Un site, ça se visite peu ou prou comme une maison. D'un œil rapide, on parcourt les pièces principales. Installerait-on le bureau à côté de cette fenêtre ? Le fauteuil dans cet angle ? Le frigo entre ces deux piliers ? Le lit dans cette mezzanine ? Où sont les toilettes ?

On voit tout de suite les lieux où l'on se sentira chez soi. Il y a aussi les lieux que l'on visite sans ennui mais dans lesquels on n'a pas envie de revenir. Puis il y a tous ces lieux inhabitables, ruines abandonnées depuis trop longtemps, désertées même par les chiens errants, vitrines conçues pour être montrées, regardées, photographiées, mais inhospitalières, et pire, tous ces endroits lugubres traversés de souffles, d'ombres, de silhouettes furtives, remplis d'un épais silence que perturbent de loin en loin un claquement de porte, un grincement de plancher, peuplés de fumées à forme humaine qui font sortir une longue plainte sinistre par le trou de leur bouche vaporeuse. J'habite l'une de ces maisons hantées. Ou plutôt, j'ai un texte hébergé par l'un de ces sites.

Un texte de Littérature.

Tout ce qu'il restait, en août 2013, de mon Grand Roman, celui qui devait me permettre de régler mes comptes avec la médiocrité, de changer de vie, de grimper sur les épaules de Céline, d'aller m'asseoir sur les genoux de Chevillard, d'accéder à la postérité, et de me faire enfin pardonner de ne pas être devenue une espèce d'Amélie Nothomb à dix-sept ans, désolé maman. Non seulement ce texte n'a pas l'envergure nécessaire pour réparer mes innombrables blessures narcissiques, mais il est aussi bien en dessous de mes ambitions plus modestes.
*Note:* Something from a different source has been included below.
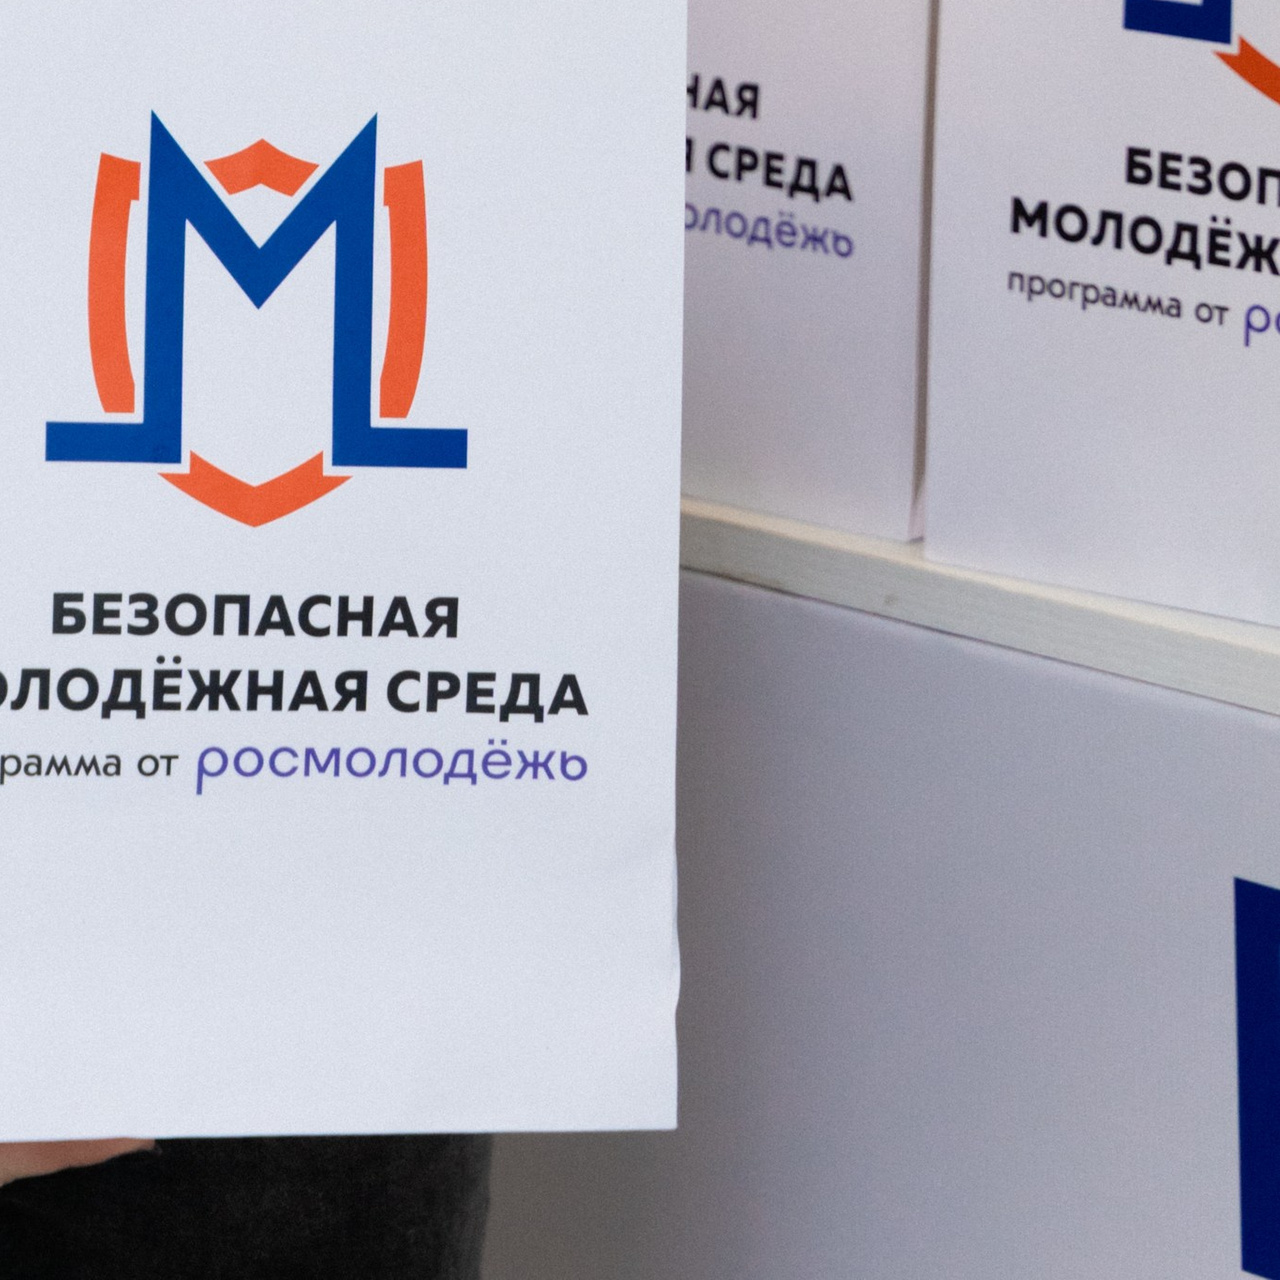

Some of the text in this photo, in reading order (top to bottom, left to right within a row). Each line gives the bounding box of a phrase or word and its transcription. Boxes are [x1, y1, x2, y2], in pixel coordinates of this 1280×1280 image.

Ce qui devait être un roman a fondu aux proportions d'une nouvelle. Imaginé avec deux voix, il n'en reste qu'une, celle d'un homme couché, trop orgueilleux pour s'avouer qu'il n'arrive plus à se lever. Il monologue pour se convaincre des qualités et des vertus de sa position, la position décubitus, et en veut furieusement à tout ce qui est debout. Aussi amusantes que m'avaient paru, à l'écriture, les divagations prétentieuses et absurdes de ce personnage, j'avais bien conscience que ce n'était pas suffisant pour faire un roman. J'avais donc rajouté une seconde voix, celle d'une sentimentale bavarde qui se rend régulièrement au chevet de l'apathique pour lui demander un amour qu'il refuse obstinément de lui donner. À la relecture, cette seconde voix m'était apparue insupportable : je l'avais supprimée.

Tout comme mon Grand Roman, mon Grand Éditeur s'est réduit à peau de chagrin. Après m'être fait refuser la version initiale du texte par Minuit et Verticales, je l'ai laissée dormir dans un tiroir pendant plusieurs mois. Jusqu'au jour où j'ai découvert Bookstory. Le site se présentait comme une boussole éditoriale : c'est exactement ce qu'il fallait à une plumassière paumée de ma catégorie. J'ai envoyé mon texte raccourci, j'ai été lue par un comité, j'ai signé un contrat d'édition numérique, et je suis allée rejoindre les spectres d'écrivains qui, comme moi, hantent internet en rêvant d'être édités.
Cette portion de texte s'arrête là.